What does the patient avoid or try to avoid: emotions or feelings, thoughts or memories, sensations? How does he/she avoid them?

  • Values: assess the extent to which we are aware of our values (i.e. the direction of our life).
  • Defusion: if the patient shows an excess of evaluative thoughts, judgments, conceptual categories (“good and bad”), excessive use of “giving reasons”, excessive importance of “understanding, understanding things, intolerance to uncertainty…”.
  • Commitment to action: from what we can change and from where we really have control.
  • I as context: “I am…”, “I have always been”. How I define myself and based on what.
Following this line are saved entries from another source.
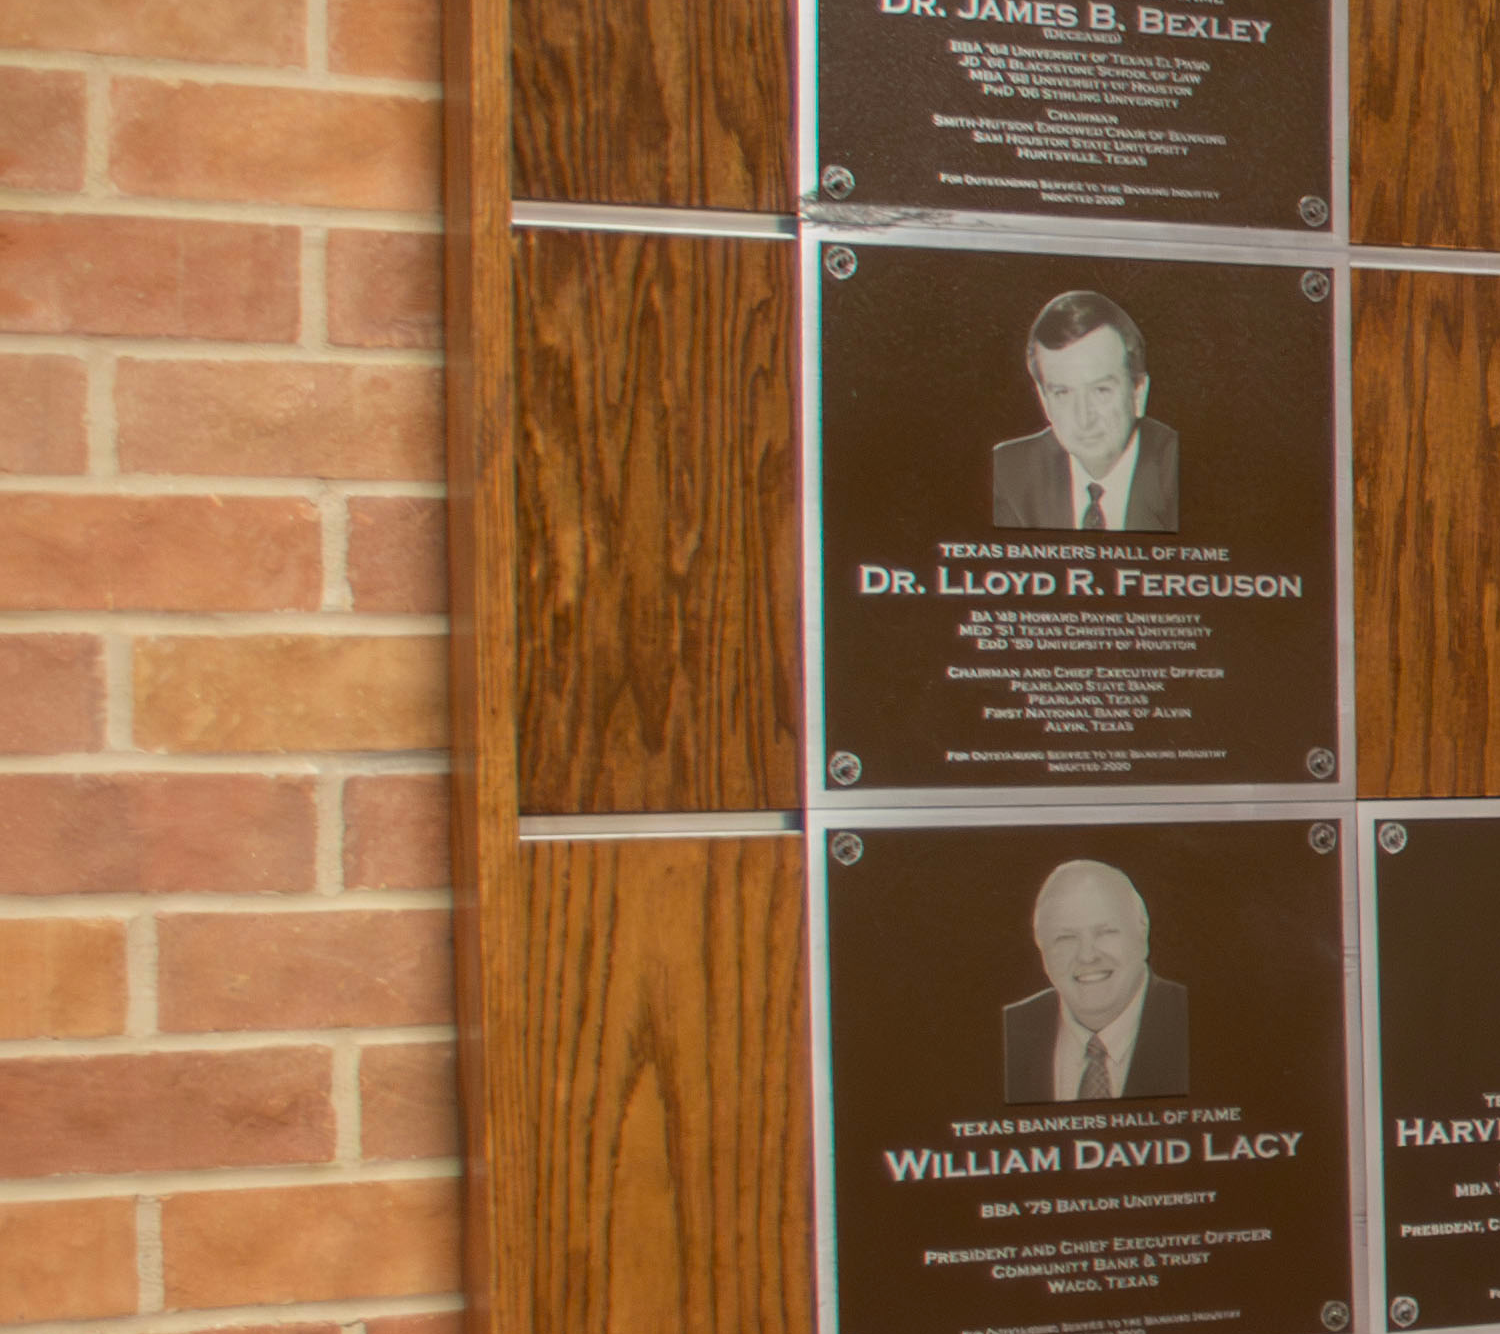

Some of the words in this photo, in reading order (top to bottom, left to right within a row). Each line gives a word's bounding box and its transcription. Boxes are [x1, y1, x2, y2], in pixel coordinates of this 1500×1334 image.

[1086, 2, 1125, 33] B.
[1138, 7, 1270, 42] BEXLEY
[939, 543, 1003, 558] TEXAS
[1007, 545, 1096, 559] BANKERS
[1100, 547, 1148, 560] HALL
[1152, 547, 1176, 560] OF
[1181, 548, 1228, 561] FAME
[860, 565, 925, 594] DR.
[938, 567, 1055, 595] LLOYD
[1067, 569, 1104, 595] R.
[1117, 570, 1301, 597] FERGUSON
[951, 1120, 1014, 1137] TEXAS
[1018, 1115, 1107, 1133] BANKERS
[1111, 1113, 1159, 1127] HALL
[1164, 1111, 1188, 1124] OF
[1192, 1108, 1240, 1122] FAME
[885, 1146, 1060, 1181] WILLIAM
[1075, 1140, 1190, 1169] DAVID
[1204, 1133, 1301, 1161] LACY
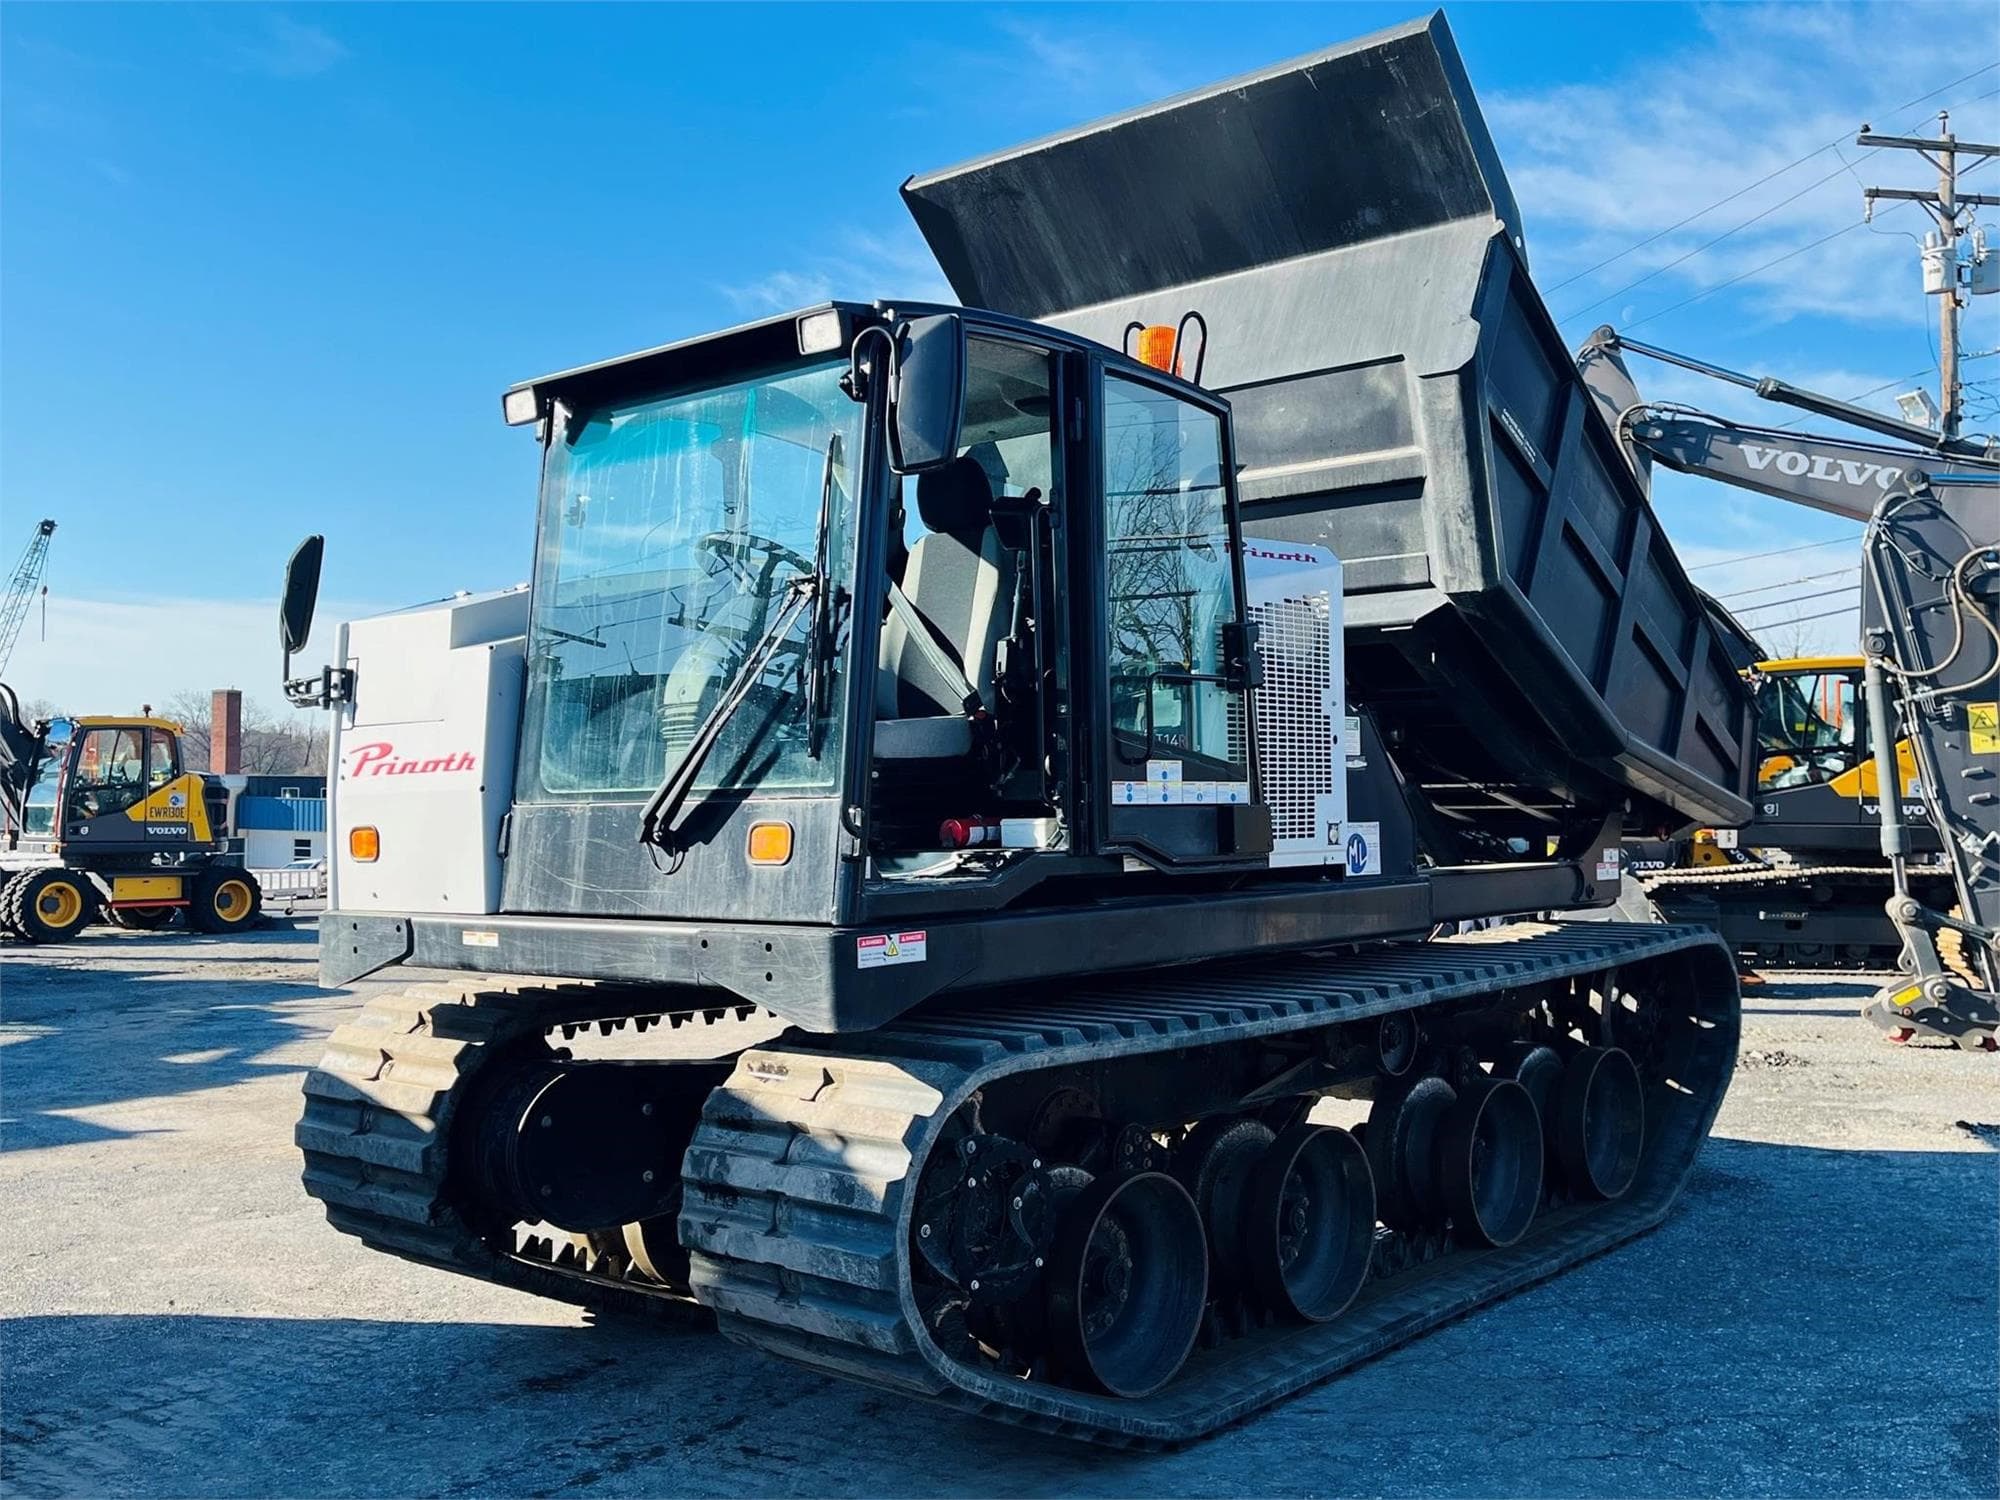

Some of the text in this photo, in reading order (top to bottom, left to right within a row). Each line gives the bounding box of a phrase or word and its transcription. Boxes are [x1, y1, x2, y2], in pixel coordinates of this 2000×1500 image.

[1738, 444, 1903, 491] VOLVO
[349, 742, 476, 777] Prinoth
[149, 806, 185, 819] EWR130E
[1863, 804, 1927, 816] VVO
[147, 826, 187, 835] VOLVO
[1631, 860, 1666, 870] OLVO
All of them from the context of cognitive flexibility following the points below:

  • To generate creative hopelessness (i.e., to make the patient aware of why the strategy he/she has followed up to now has not worked).
  • Patient’s understanding that control is the problem.
  • Experiential contact with private events through acceptance and exposure.
  • Develop willingness to accept. Work with the patient on the cost of avoidance.
  • Clarify values.
  • Set in motion an agenda for change through committed action. As well as setting specific goals consistent with those values.
  • Plan and carry out committed actions, contacting the patient’s barriers.
  • Dissolving barriers through acceptance, defusion and other strategies.
  • Generalize to other contexts.

Guidelines and phrases that can help us

Most of our patients generally come with a clear objective, for example: “I want you to take away my anxiety, the thoughts that bother me, this feeling of discomfort…”.

However…

  • The attempts at control that you maintain over your private events, what you think should be done is not the solution to your problem; rather, such attempts at control are an intrinsic part of the problem itself.
  • “Happiness and freedom begin with a clear understanding of one principle: some things are under our control and some things are not” (Epictetus).
  • “Love entails suffering because you can lose it, but refusing love to avoid suffering does not solve it, since you suffer for not having it. So, if happiness is love and love is suffering, then, happiness is also suffering. The two sides of love” (W Allen).
  • “If the child you were met the person you are now. What would I think of you?”
  • “Much suffering and much unhappiness come when we take as true every thought that comes into our heads…” (Eckhart Tolle).